[Spatial localization data]

▼

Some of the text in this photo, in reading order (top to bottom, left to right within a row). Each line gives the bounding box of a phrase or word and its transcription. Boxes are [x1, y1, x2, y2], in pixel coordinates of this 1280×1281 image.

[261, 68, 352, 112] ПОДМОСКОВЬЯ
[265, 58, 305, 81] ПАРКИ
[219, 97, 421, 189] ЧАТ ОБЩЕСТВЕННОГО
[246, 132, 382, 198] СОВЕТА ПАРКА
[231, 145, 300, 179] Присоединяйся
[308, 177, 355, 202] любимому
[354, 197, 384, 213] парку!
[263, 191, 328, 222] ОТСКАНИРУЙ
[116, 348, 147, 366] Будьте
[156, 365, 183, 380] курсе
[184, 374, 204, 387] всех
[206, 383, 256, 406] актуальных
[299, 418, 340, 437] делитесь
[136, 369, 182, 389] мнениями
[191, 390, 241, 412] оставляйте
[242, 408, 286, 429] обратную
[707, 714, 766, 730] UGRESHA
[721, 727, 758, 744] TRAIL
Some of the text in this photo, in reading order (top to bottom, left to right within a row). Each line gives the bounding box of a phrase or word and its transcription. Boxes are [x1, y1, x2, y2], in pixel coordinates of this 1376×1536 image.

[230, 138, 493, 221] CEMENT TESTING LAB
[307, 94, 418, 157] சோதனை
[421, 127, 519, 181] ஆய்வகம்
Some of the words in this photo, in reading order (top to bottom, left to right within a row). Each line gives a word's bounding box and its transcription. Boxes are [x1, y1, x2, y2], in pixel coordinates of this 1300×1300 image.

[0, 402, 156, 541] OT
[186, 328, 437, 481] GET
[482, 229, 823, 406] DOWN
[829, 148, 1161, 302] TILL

▲

### WHAT YOU NEED TO DO
Could you return the data above exactly as it stands?

### RESULT FOR THIS TASK
Some of the text in this photo, in reading order (top to bottom, left to right within a row). Each line gives the bounding box of a phrase or word and its transcription. Boxes are [x1, y1, x2, y2], in pixel coordinates of this 1280×1281 image.

[261, 68, 352, 112] ПОДМОСКОВЬЯ
[265, 58, 305, 81] ПАРКИ
[219, 97, 421, 189] ЧАТ ОБЩЕСТВЕННОГО
[246, 132, 382, 198] СОВЕТА ПАРКА
[231, 145, 300, 179] Присоединяйся
[308, 177, 355, 202] любимому
[354, 197, 384, 213] парку!
[263, 191, 328, 222] ОТСКАНИРУЙ
[116, 348, 147, 366] Будьте
[156, 365, 183, 380] курсе
[184, 374, 204, 387] всех
[206, 383, 256, 406] актуальных
[299, 418, 340, 437] делитесь
[136, 369, 182, 389] мнениями
[191, 390, 241, 412] оставляйте
[242, 408, 286, 429] обратную
[707, 714, 766, 730] UGRESHA
[721, 727, 758, 744] TRAIL
Some of the text in this photo, in reading order (top to bottom, left to right within a row). Each line gives the bounding box of a phrase or word and its transcription. Boxes are [x1, y1, x2, y2], in pixel coordinates of this 1376×1536 image.

[230, 138, 493, 221] CEMENT TESTING LAB
[307, 94, 418, 157] சோதனை
[421, 127, 519, 181] ஆய்வகம்
Some of the words in this photo, in reading order (top to bottom, left to right within a row). Each line gives a word's bounding box and its transcription. Boxes are [x1, y1, x2, y2], in pixel coordinates of this 1300×1300 image.

[0, 402, 156, 541] OT
[186, 328, 437, 481] GET
[482, 229, 823, 406] DOWN
[829, 148, 1161, 302] TILL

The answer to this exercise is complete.